Objective: Neuropsychological (NP) testing has been used for several years as a way of detecting the effects of sport-related concussion in order to aid in return-to-play determinations. In addition to standard pencil-and-paper tests, computerized NP tests are being commercially marketed for this purpose to professional, collegiate, high school, and elementary school programs. However, a number of important questions regarding the clinical validity and utility of these tests remain unanswered, and these questions present serious challenges to the applicability of NP testing for the management of sport-related concussion. Our purpose is to outline the criteria that should be met in order to establish the utility of NP instruments as a tool in the management of sport-related concussion and to review the degree to which existing tests have met these criteria.
Data sources: A comprehensive literature review of MEDLINE and PsychLit from 1990 to 2004, including all prospective, controlled studies of NP testing in sport-related concussion.
Data synthesis: The effects of concussion on NP test performance are so subtle even during the acute phase of injury (1-3 days postinjury) that they often fail to reach statistical significance in group studies. Thus, this method may lack utility in individual decision making because of a lack of sensitivity. In addition, most of these tests fail to meet other psychometric criteria (eg, adequate reliability) necessary for this purpose. Finally, it is unclear that NP testing can detect impairment in players once concussion-related symptoms (eg, headache) have resolved. Because no current guideline for the management of sport-related concussion allows a symptomatic player to return to sport, the incremental utility of NP testing remains questionable.
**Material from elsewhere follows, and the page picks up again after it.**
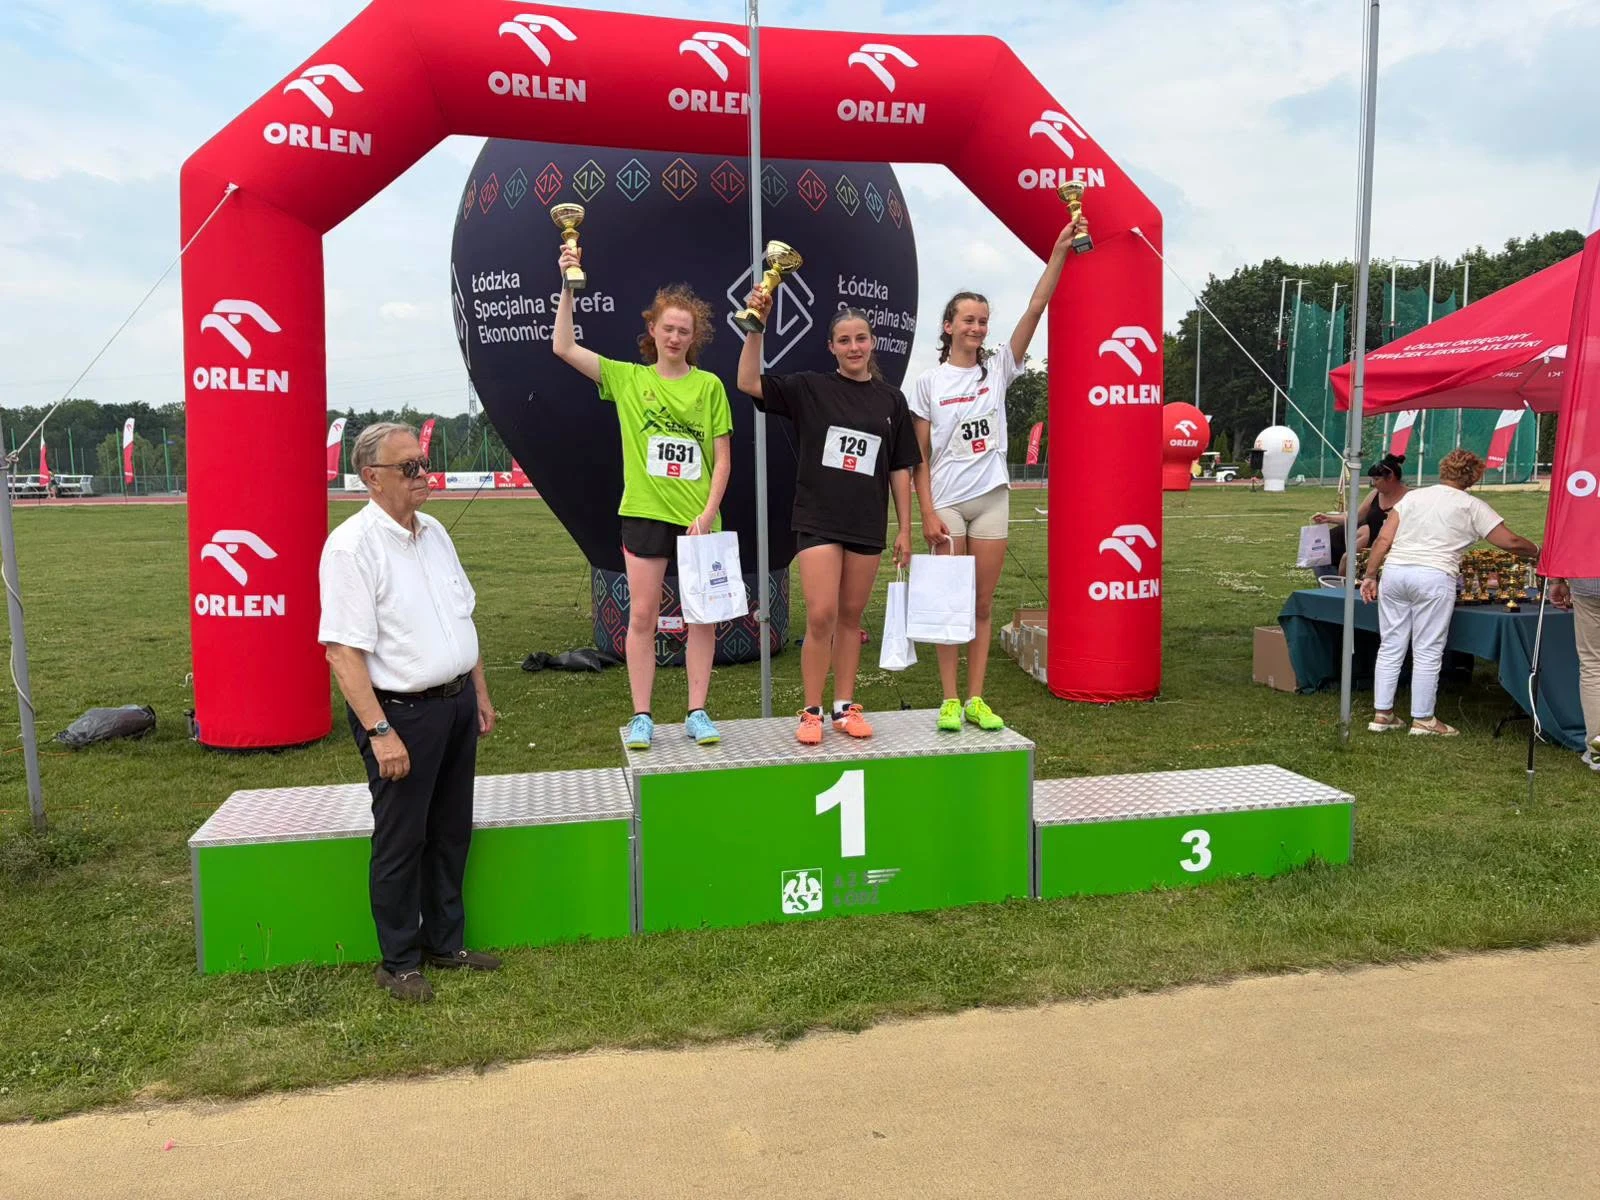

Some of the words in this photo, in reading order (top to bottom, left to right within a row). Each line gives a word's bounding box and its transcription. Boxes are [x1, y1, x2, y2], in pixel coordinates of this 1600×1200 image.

Conclusions/recommendations: Despite the theoretic rationale for the use of NP testing in the management of sport-related concussion, no NP tests have met the necessary criteria to support a clinical application at this time. Additional research is necessary to establish the utility of these tests before they can be considered part of a routine standard of care, and concussion recovery should be monitored via the standard clinical examination and subjective symptom checklists until NP testing or other methods are proven effective for this purpose.